Arminians, on the other hand, believe God has given humans the ability to freely accept or reject the Gospel. Arminians also believe that God has revealed why He saves some and not others. He saves on the basis of His foreknowledge of human hearts. So, which theology is correct?
For over fifty years, I have tried to find a thorough and compelling argument in the debate between Calvinism and Arminianism. I have read hundreds of books and articles presenting biblical reasons to believe one position or the other but have found all of them lacking.
On Calvinism, I've read works by all the famous Johns including John Calvin, Jonathan Edwards, John Piper, and John MacArthur. I have also looked at writings by R. C. Sproul, Arthur Pink, Lorraine Boettner, James Montgomery Boice, and G. C. Berkower. Obviously, I have read Augustine, Luther, and The Westminster Confession of Faith.

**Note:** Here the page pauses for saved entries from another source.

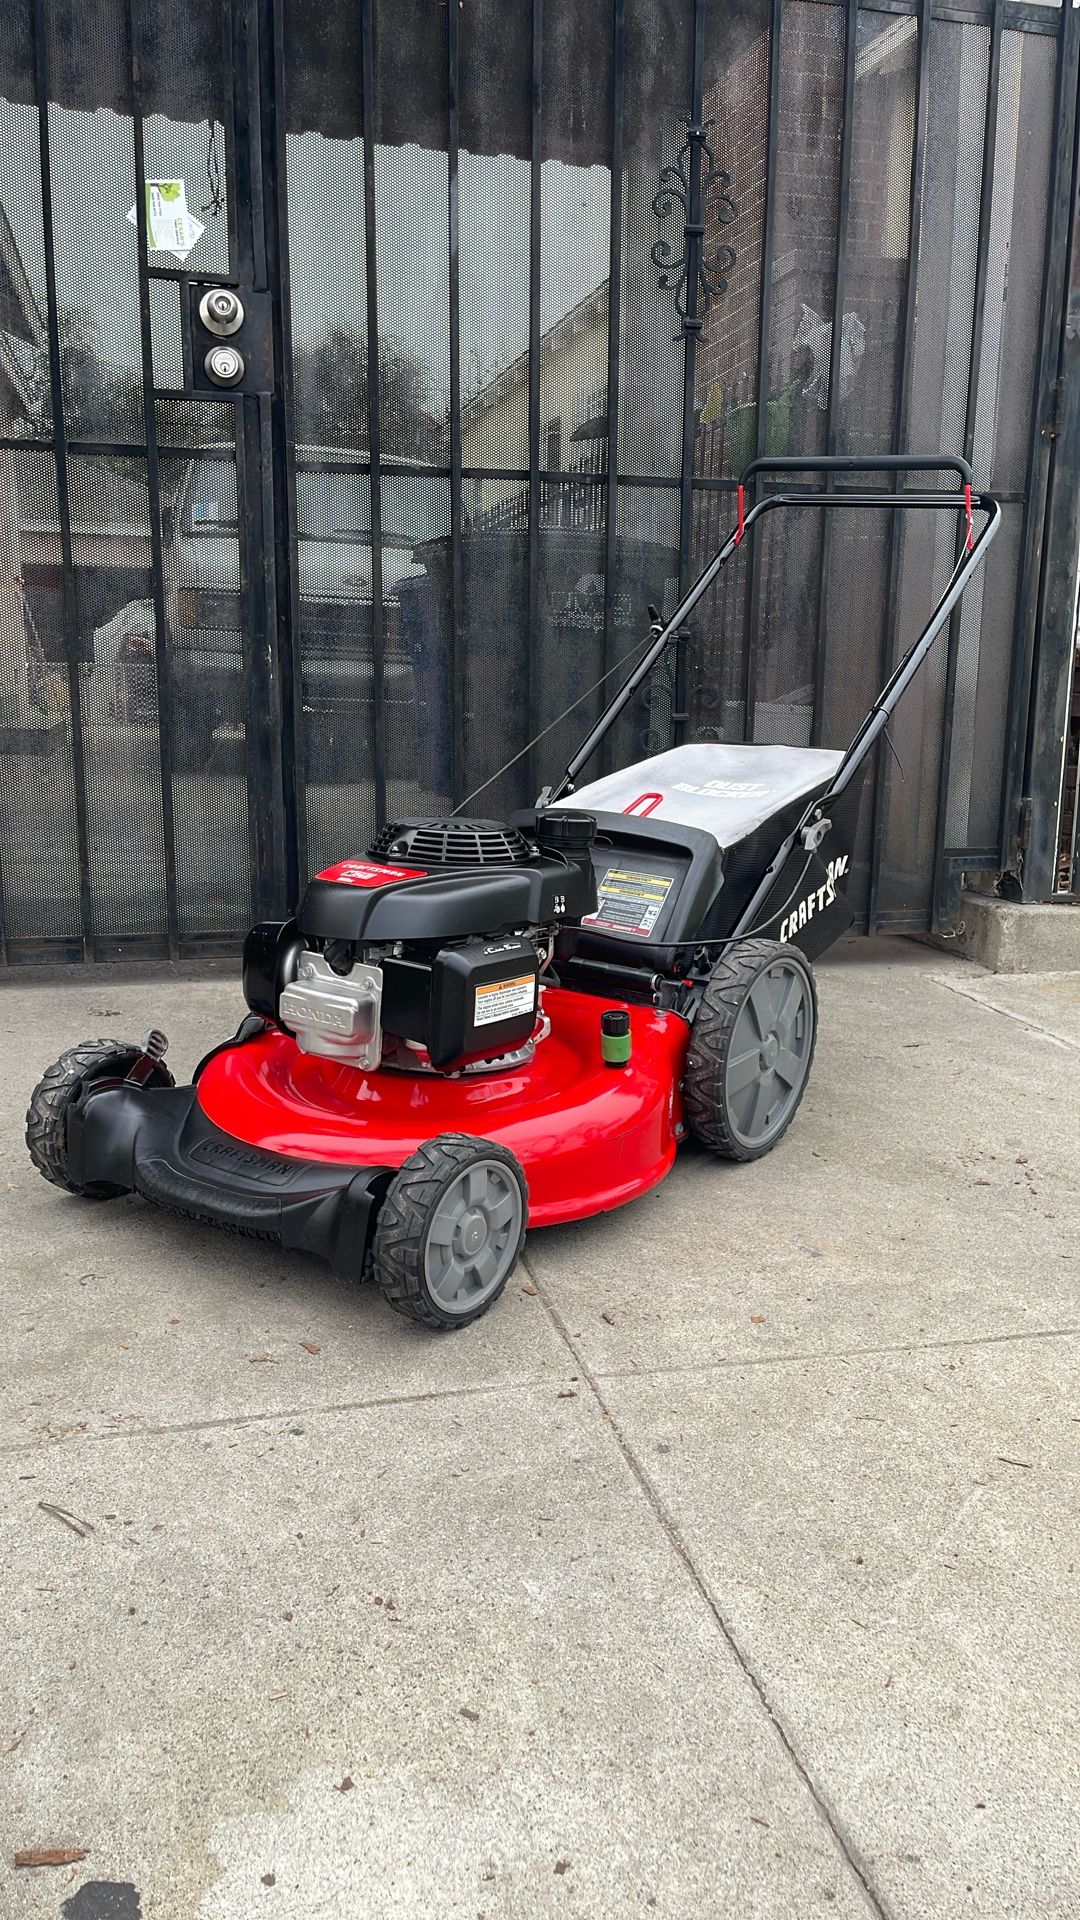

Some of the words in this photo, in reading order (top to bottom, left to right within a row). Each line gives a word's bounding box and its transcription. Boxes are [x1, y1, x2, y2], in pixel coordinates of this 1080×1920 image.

[672, 782, 771, 798] BLOCKER
[703, 780, 766, 791] DUST
[342, 863, 407, 877] CRAFTSMAN
[780, 855, 849, 943] CRAFTSAN
[283, 1002, 346, 1029] HONDA
[202, 1141, 293, 1176] CRAFTSMAN
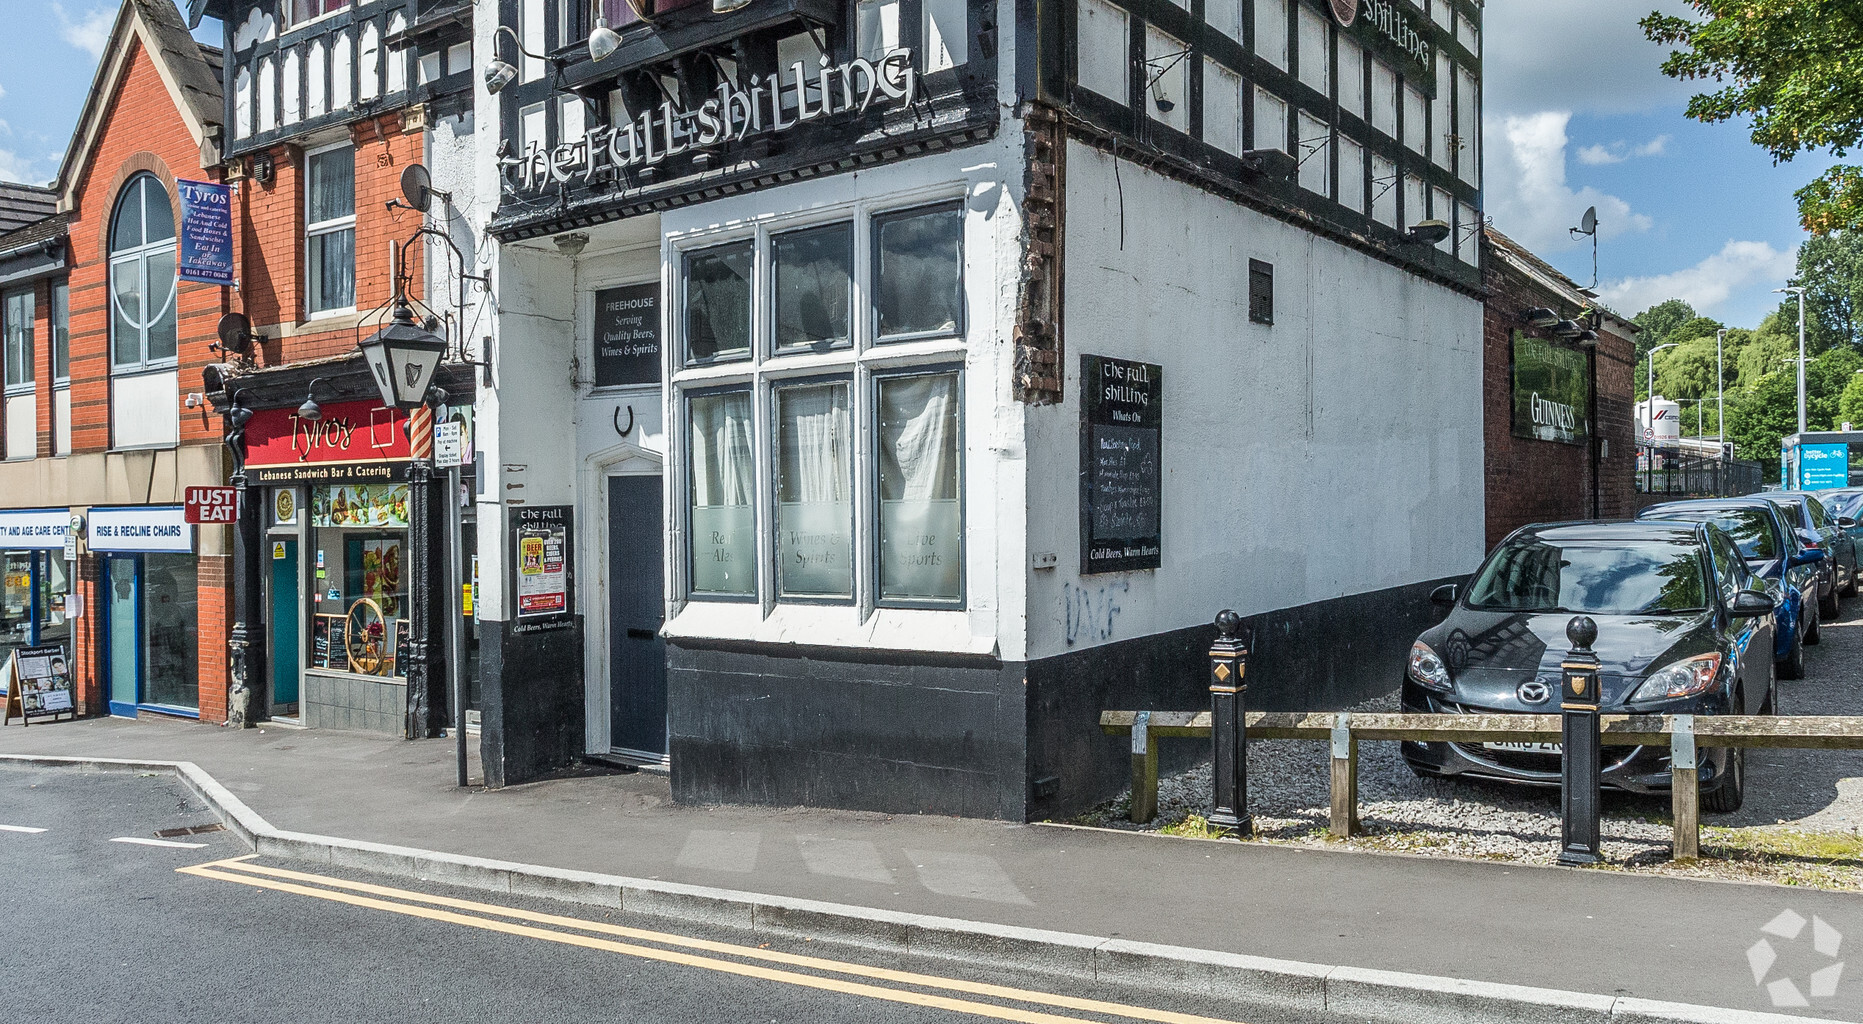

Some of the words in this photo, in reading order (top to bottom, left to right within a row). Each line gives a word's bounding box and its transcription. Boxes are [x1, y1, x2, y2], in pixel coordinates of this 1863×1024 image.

[184, 185, 227, 205] Tyros
[193, 211, 221, 220] Lebanese
[187, 217, 199, 225] Hot
[200, 219, 213, 227] And
[213, 221, 228, 229] Cold
[186, 225, 203, 233] Food
[203, 227, 221, 236] Boxes
[189, 233, 224, 244] Sandwiches
[194, 242, 209, 251] Eat
[211, 244, 220, 253] In
[187, 256, 227, 269] Takeaway
[185, 268, 200, 276] 0161
[201, 270, 213, 278] 477
[605, 297, 654, 312] FREEHOUSE
[615, 314, 643, 327] Serving
[603, 330, 632, 344] Quality
[632, 329, 656, 339] Beers,
[601, 346, 623, 357] Wines
[624, 345, 631, 356] &
[632, 343, 659, 357] Spirits
[1112, 409, 1132, 422] Whats
[1132, 411, 1141, 423] On
[1531, 391, 1575, 430] GUINNESS
[288, 413, 357, 462] Tyros
[259, 470, 292, 481] Lebanese
[294, 468, 329, 480] Sandwich
[331, 467, 345, 477] Bar
[347, 466, 353, 476] &
[355, 465, 391, 477] Catering
[188, 489, 234, 505] JUST
[200, 505, 233, 521] EAT
[8, 526, 21, 536] AND
[22, 525, 34, 536] AGE
[35, 525, 51, 536] CARE
[96, 526, 112, 537] RISE
[113, 525, 119, 537] &
[120, 525, 151, 537] RECLINE
[153, 525, 182, 537] CHAIRS
[526, 543, 542, 552] BEER
[1090, 548, 1105, 560] Cold
[1105, 548, 1122, 559] Beers,
[1124, 547, 1140, 557] Warm
[1141, 545, 1159, 556] Hearts
[513, 624, 526, 633] Cold
[527, 622, 541, 631] Beers,
[542, 621, 556, 629] Warm
[557, 619, 573, 628] Hearts

Regarding Arminianism, I have read most of the early Church Fathers including Ignatius, Irenaeus, Justin Maryr, Clement, Archelaus, and Methodius. I have also read A. W. Tozer, R.A. Torrey, Oswald Chambers, Roger E. Olson, and Jack Cottrell. Obviously, I have studied writings by Jacob Arminius, John Wesley, and Billy Graham.
As great as the writings are by all these authors, not one convincingly demonstrated to me the soundness of their Arminian or Reformed theology.
After fruitlessly searching for a thorough exposition of one of the two views, I finally decided to write one myself. Thus, this book is my attempt to show the many reasons Christians believe in Calvinism while simultaneously demonstrating why they shouldn't.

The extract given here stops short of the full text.